Les origines de l’abbaye sont, hélas, peu précises ; aucune archive ne vient conforter les énoncés issus de la tradition (Gallia Christiana, t. II, col. 1133). On évoque une fondation ancienne placée sous la protection des Taillefer, comtes d’Angoulême (fin du Xe siècle). Le seigneur de Bourg-Charente est également invoqué comme initiateur de ces premiers temps (début du XIe siècle). Toutefois, l’architecture visible ne révèle rien de ces époques. Et si des mentions existent bel et bien, elles perdent de leur poids du fait d’une confusion fréquente avec une autre abbaye portant le même nom, Notre-Dame de Châtres (de Castris), située en Guyenne. Quoiqu’il en soit, le monastère était placé sous la houlette de chanoines réguliers de saint Augustin. De cet ensemble monastique, seules demeurent l’église abbatiale et une chapelle isolée. Des sondages menés par l’Inrap en 2017 ont confirmé le fort potentiel des lieux : rythme claustral au sud de l’église, bâtiments de communs à l’ouest, cimetière au nord…

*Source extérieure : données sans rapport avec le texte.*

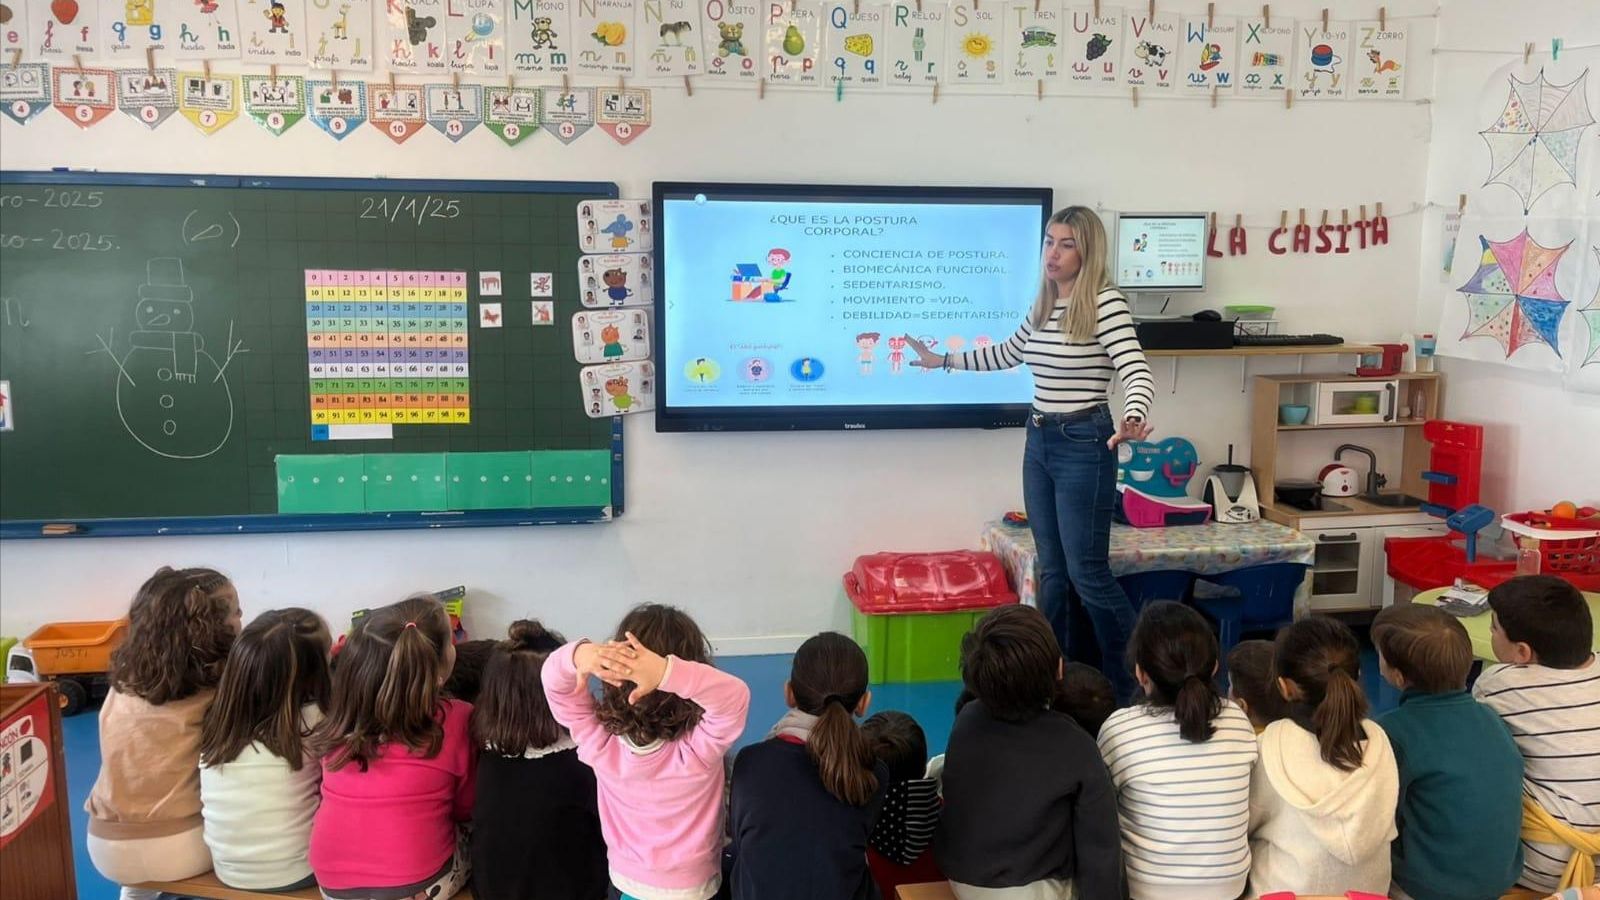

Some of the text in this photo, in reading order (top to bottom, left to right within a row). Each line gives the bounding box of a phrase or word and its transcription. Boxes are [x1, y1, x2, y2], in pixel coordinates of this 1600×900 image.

[448, 0, 494, 16] L LUPA
[514, 0, 564, 20] M MONO
[578, 0, 596, 18] N
[706, 0, 755, 20] O OSITO
[770, 3, 815, 25] P PERA
[831, 6, 880, 29] Q QUESO
[895, 5, 942, 27] R RELOJ
[954, 5, 993, 27] S SOL
[1013, 6, 1056, 28] T TREN
[1073, 12, 1117, 33] U UVAS
[81, 26, 88, 42] f
[149, 24, 161, 40] g
[180, 23, 230, 42] h h
[1131, 17, 1174, 38] V VACA
[1188, 22, 1204, 43] W
[1245, 23, 1261, 44] X
[7, 30, 18, 43] e
[1304, 28, 1317, 48] Y
[1360, 27, 1404, 48] Z ZORRO
[428, 42, 439, 58] k
[514, 53, 566, 64] m m
[615, 52, 626, 64] n
[742, 58, 753, 69] o
[803, 58, 812, 72] p
[864, 59, 875, 74] q
[927, 62, 935, 73] r
[1072, 62, 1113, 73] u u
[1158, 70, 1168, 80] v
[1216, 72, 1230, 83] w
[1273, 74, 1282, 85] x
[1331, 74, 1341, 87] y
[81, 109, 87, 117] 5
[146, 109, 153, 118] 6
[273, 116, 279, 125] 8
[334, 121, 341, 130] 9
[393, 125, 403, 134] 10
[450, 124, 460, 132] 11
[507, 127, 517, 136] 12
[619, 126, 629, 134] 14
[360, 196, 460, 225] 21/1/25
[769, 215, 918, 226] ¿QUE ES LA POSTURA
[804, 227, 884, 236] CORPORAL?
[1206, 227, 1246, 257] LA
[1268, 216, 1388, 255] CASITA
[843, 250, 922, 259] CONCIENCIA
[928, 250, 944, 259] DE
[843, 264, 932, 274] BIOMECÁNICA
[843, 280, 946, 289] SEDENTARISMO.
[843, 296, 925, 305] MOVIMIENTO

Un joyau de l’art roman saintongeais
L’abbaye de Châtres est avant tout fameuse pour son architecture romane. L’ensemble de l’édifice est bâti en blocs calcaires de la région, offrant une belle uniformité. Longtemps, on a imaginé qu’il y avait eu deux campagnes successives au cours du XIIe siècle ; on s’accorde désormais sur le fait qu’en cours de construction, seul un changement de mode de couverture a été opéré. La nef à vaisseau unique est couverte d’une file de trois coupoles sur pendentif, d’un style pur et uniforme. Le transept développait deux ailes couvertes d’un berceau brisé, chaque bras disposant d’une abside ouvrant à l’est, couverte d’une voûte en cul de four. La croisée du transept porte une autre coupole, percée à l’est d’un oculus ; un clocher roman dominait le tout. Le chœur d’origine devait comprendre une abside orientale, comme il est de règle, remplacée ultérieurement par un chevet plat. L’émouvante façade occidentale est l’une des plus typiques de l’art roman saintongeais. Elle superpose trois registres, surmontés d’un fronton triangulaire. La base présente un portail à voussures dont la porte monumentale est ornée d’une arcature polylobée ; deux portails aveugles l’encadrent. Au deuxième niveau, se trouvent cinq arcades au berceau brisé ; celle du centre, plus haute et en plein cintre, est percée d’une ouverture éclairant l’ouest de la nef. Au dernier niveau, neuf arcatures rythment l’architecture et offrent un jeu subtil d’ombre et de lumière. Seul un décor géométrique ou végétal orne les supports architecturaux. Cette sobriété est une marque caractéristique des édifices augustiniens ; ils suivent les préceptes d’un de leurs maîtres à penser, l’abbé Geoffroy du Loroux. Seule entorse, la présence de protomés sur l’un des chapiteaux sommant les colonnes monumentales qui encadrent la composition générale et qui rattrapent les trois niveaux d’élévation. On date le style de ces sculptures des années 1160-1170.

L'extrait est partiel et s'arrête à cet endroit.